La rotta da seguire, per un ascolto profondo, è verso una mescolanza di suoni che non si limita a sconfinare nei territori limitrofi al blues, ma proviene da terre antiche e si spinge fino a paesi lontani aprendo un campo di confronto, rapportandosi ed adattandosi a sonorità straniere, dalle percussioni africane alle corde arabe, dagli strumenti tradizionali sardi a quelli delle terre elleniche. Negli altri dischi eravamo abituati a sentire il sound “croccante” di Francesco Piu che si miscelava col funk, col soul e col rhythm’n’blues, ora l’assunto di base è che l’identità non si costruisce sulla convenzione, ma nello scambio con identità diverse. La metafora è che più cerchiamo, più troviamo il mondo, allontanandoci e ritrovandoci. Esattamente il contrario di quanto propongono certi mistificatori del gioco.

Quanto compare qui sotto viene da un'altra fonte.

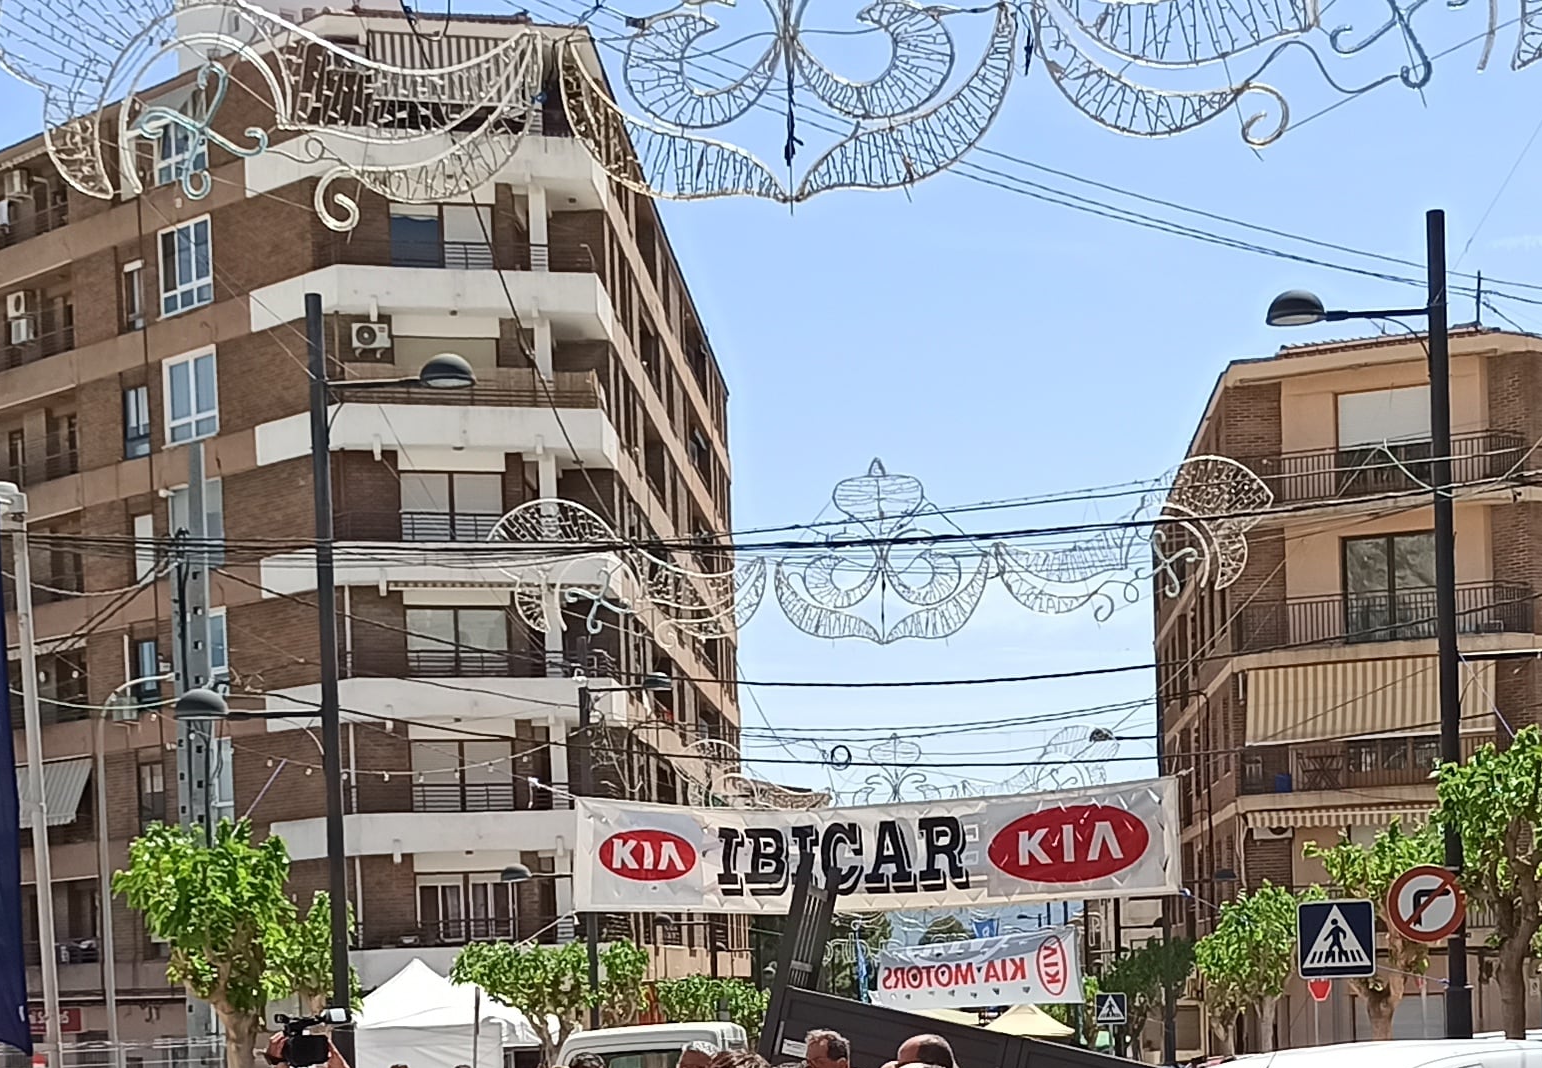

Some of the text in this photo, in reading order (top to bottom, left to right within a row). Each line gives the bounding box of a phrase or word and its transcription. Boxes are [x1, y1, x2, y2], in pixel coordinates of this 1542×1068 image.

Così Crossing viene scritto con codici antichi e moderni, in un’amalgama tra storia e presente, tra armonie occidentali e vibrazioni africane, pronunce orientali e ritmi antichi. Stones In My Passway è l’emblema del connubio tra nuovo e vecchio, spostandosi fra echi storpiati, suoni underground, mentre il basso robusto di Fabrizio Leoni e una batteria elettronica smembrano il ritmo e le grattate di DJ Cris si intersecano con un blues difforme, animalesco. Non si tratta solo del comune gusto europeo per l’esotismo, Crossing è un’osmosi culturale, una sorta di impollinazione incrociata che attraversa i continenti, travalica i confini dei sensi ed è con questa lettura che si oltrepassano le atmosfere desolate del bouzuki in Me An My Devil con un Marco Pandolfi all’armonica che ne dipinge le angosce, è su questa strada che ci si incammina verso il verde dorato del sole di melodie alla Ben Bedford nella bellissima ballata From Four Til Tale, segnando il passo sugli shakers di Centamore, e si attraversano i tempi medi scanditi dalle percussioni del tumbarinu de Gavoi sotto piogge ipnotiche di chitarra e bouzouki in Hellhound My Train. Diventiamo spettatori di frontiere che si cancellano per estensione, dove popoli e costumi si costeggiano, vestiti di colori ibridi e comunichiamo attraverso commutazioni di codice che rendono labile ogni confine, lasciandosi commuovere da una profonda Love In Vain ricamata dai flauti e ballando sulle sincopi dell’accordion sui ritmi di They Re Red Hot che un po’ ricordano una Princesa alla De Andrè.
Un processo di rigenerazione, senza obbligo di frequenza, che musicisti come Francesco Piu scelgono di innescare nel rispetto della veridicità di ogni sorgente, senza scontrarsi con purezza e autenticità, ma integrandole nelle rinnovate esigenze della tradizione. Basta seguire le tracce di un blues inzuppato di fango con una chitarra slide e distorta che suona alla Luther Dickinson e che si intreccia con liuti persiani, launeddas e calebasse su Stop Breaking Down, e sintonizzarsi con gli accenti tipici alla Francesco Piu sulla chitarra hendrixiana Crossroad Blues e una Stop Breaking Down che cresce in tono e suggestione salendo direttamente dalla pancia. La contaminazione non diventa solo una scelta estetica, quindi, ma un’esigenza, non importa quale equilibrio sonoro si possa cercare, ma sono proprio il disorganico e il diverso che descrivono lo stato d'animo di una società allo sbaraglio. Con Crossing Francesco non porta solo Robert Johnson nel Mediterraneo, ma ogni popolo che lo ha navigato, in nome di un messaggio universale che invoca una convivenza possibile.